Here’s my conversation with Emily Galvin Almanza.
WATKINS: Well, congratulations on the book, first of all.
GALVIN ALMANZA: Thank you.
WATKINS: I actually thought maybe we could start the conversation, which is where you start the book, which is this run-in—potentially quite a serious run-in—that you had with the criminal legal system, when you were 16 years old.
GALVIN ALMANZA: Yeah, let’s dive right in with some delinquency!
It was a really grim time for me. My family life had fallen apart, and it had been just a really cursed year in many ways, beyond what was happening at home. There had been an accident that had resulted in a flood destroying our house. And so, I was living with fewer parents than I used to be living, in a strange place.
All of these different fractures in my life at that time had led me into a series of increasingly bad choices—substance use and encounters of my own with violence, where I was not the perpetrator.
But the result was, I ended up standing in front of a judge in Boston, and not knowing how lucky I was. Obviously, I walked into the criminal legal system with a lot of privilege, right? The privilege of whiteness and education.

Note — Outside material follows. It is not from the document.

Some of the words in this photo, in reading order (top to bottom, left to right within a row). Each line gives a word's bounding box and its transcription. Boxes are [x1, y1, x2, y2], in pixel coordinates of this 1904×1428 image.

Those were not commonalities with most of the other kids who were standing in that courtroom with me. But what we did share was that a lot of us, including me, didn’t really know what was going to happen next, and didn’t understand a lot of what was being said around us in this language of the courts, and were really scared, and covering it up really well, of course, because as a teenager in court, you’re going to act totally full of bravado.
But I got really lucky, because I had this judge, Judge Leslie Harris, who is one of the few Black jurists on the bench in Boston at that time. I didn’t obviously know this at… I think I was only 15 when I walked in, actually.
WATKINS: Wow.
GALVIN ALMANZA: He had made it his mission to look at every child who came before him and see their potential. Because most judges are looking for threat in certain ways, right? They’re always worried about getting splashed across the front page of the paper because they let someone out, and that person did a terrible thing, and now it’s their fault.

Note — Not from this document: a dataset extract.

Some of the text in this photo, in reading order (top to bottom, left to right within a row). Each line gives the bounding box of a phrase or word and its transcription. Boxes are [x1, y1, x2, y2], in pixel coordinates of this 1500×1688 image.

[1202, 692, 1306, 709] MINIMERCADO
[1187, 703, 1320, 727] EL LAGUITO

But Judge Harris was looking not for threat, but for potential. And so, for me, one thing I had going for me at that time, was that I had a college acceptance letter in hand. I would absolutely have lost my acceptance had I been convicted of anything, and he knew this.
So he called me up to the bench, and he said… I’ll never forget standing there. He called me up, standing at the side of the bench, and the bench was like way above my head, and I’m looking up at this guy.
WATKINS: Of course.
GALVIN ALMANZA: He said to me, “What are you doing? Why are you here? You have this letter. What’s going on with you?” I have no recollection of what I said, because I was terrified and a teenager. I’m sure it wasn’t very smart. But he said, “I am going to give you a chance. I am going to dismiss this case and expunge the record, so that you can go to college. And I don’t ever want to hear from you again, unless you’ve done something good with your life.” And he let me go.
Because of him, I got to go on to college, and I got to graduate, and I got to spend a few years figuring out what I wanted with my life. And then I got to end up in law school, and end up in a great criminal law class, where I totally didn’t question why I connected inherently with the material. I was just like, “Wow, I really like this class. I’m not going to think too much about why it really resonates with me.”
Because of him, I got to drive down to LA County and get my first summer job at the LA County Public Defender. So, I wrote about him a lot in the book, because the life experience that brought him to being that way on the bench is something we need a lot more of.
WATKINS: Right—so atypical.
GALVIN ALMANZA: Exactly. Not just in terms of race, but in terms of life experience, and in terms of what he had endured in his own childhood, and what the people he had grown up with had done.
Years later, after I had started being a public defender, and I had defended at that point probably over a thousand people, I wrote him this letter to say, “I did something good with my life, and I want you to know about it, and thank you.”
I didn’t hear back from him for a really long time, and I thought, “Who am I? Why would I expect to hear back? How audacious of me.” But it turned out that he was going through a really hard time at that moment, because he had just lost one of the kids in his courtroom who had been murdered. He was in a crisis point where he was confronting this idea of, “If I can’t save every child, what am I doing here? What value am I adding on the bench?”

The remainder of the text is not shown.